> [WHAT YOU SHOULD DO] Transcribe the records exactly. Pictures do not belong in the transcription.

+++ RECORD EXTRACTS

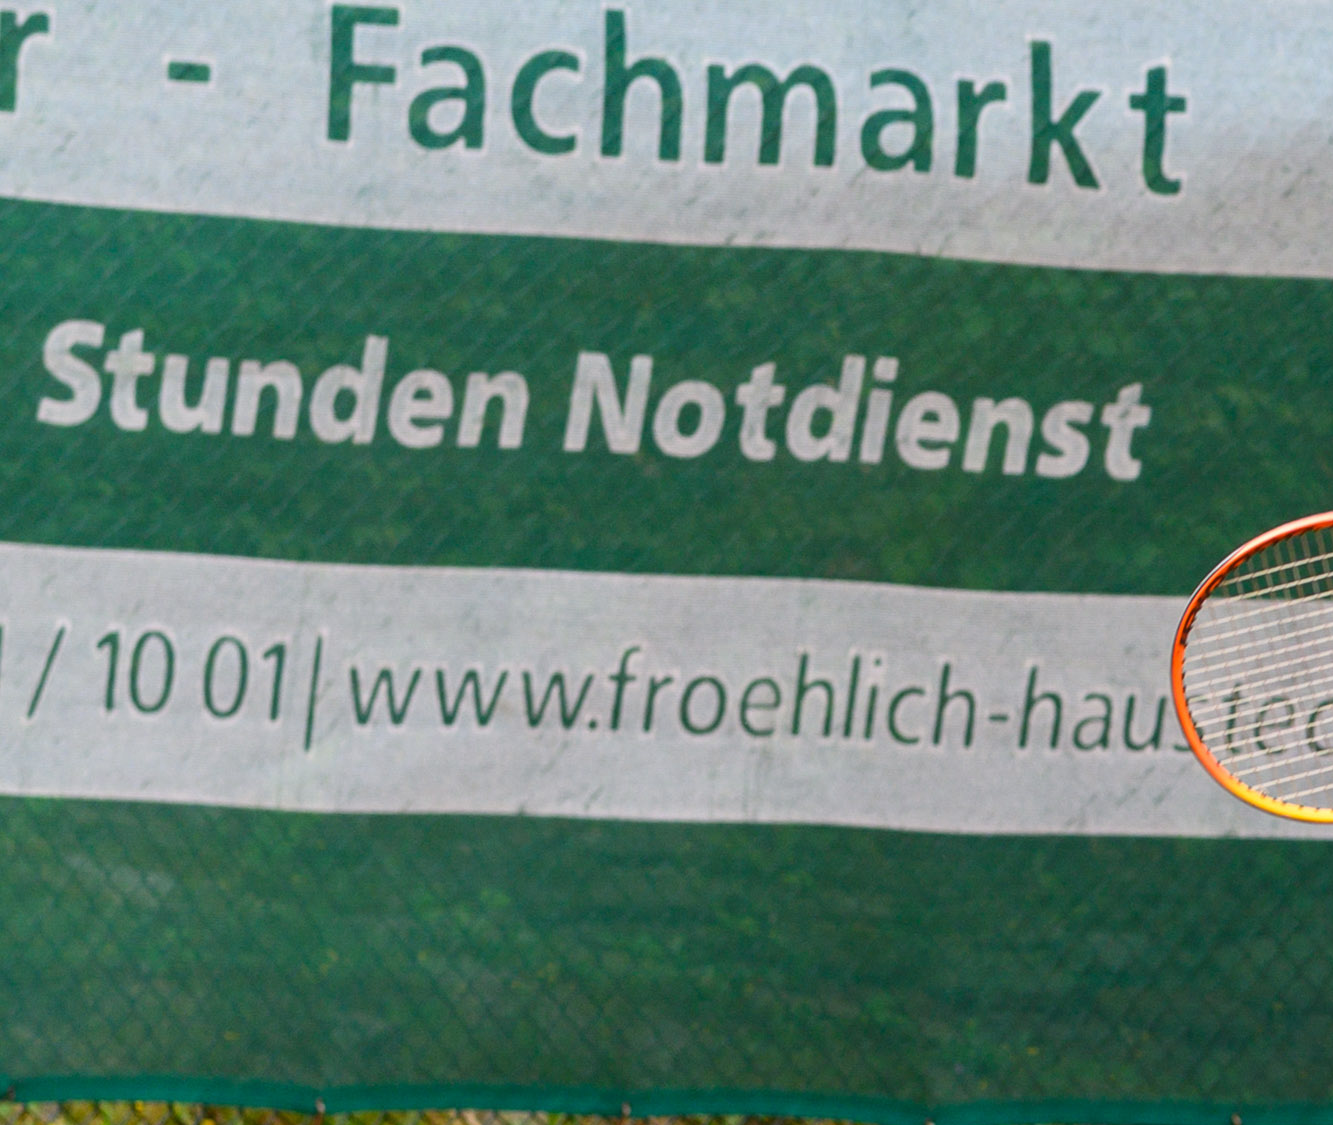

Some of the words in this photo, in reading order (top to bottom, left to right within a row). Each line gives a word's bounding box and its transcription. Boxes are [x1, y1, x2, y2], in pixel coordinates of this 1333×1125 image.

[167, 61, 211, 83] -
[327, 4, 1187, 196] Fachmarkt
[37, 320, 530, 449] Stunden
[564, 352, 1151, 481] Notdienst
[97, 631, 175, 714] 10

++++++

> [SOLUTION]
Some of the words in this photo, in reading order (top to bottom, left to right within a row). Each line gives a word's bounding box and its transcription. Boxes are [x1, y1, x2, y2], in pixel coordinates of this 1333×1125 image.

[167, 61, 211, 83] -
[327, 4, 1187, 196] Fachmarkt
[37, 320, 530, 449] Stunden
[564, 352, 1151, 481] Notdienst
[97, 631, 175, 714] 10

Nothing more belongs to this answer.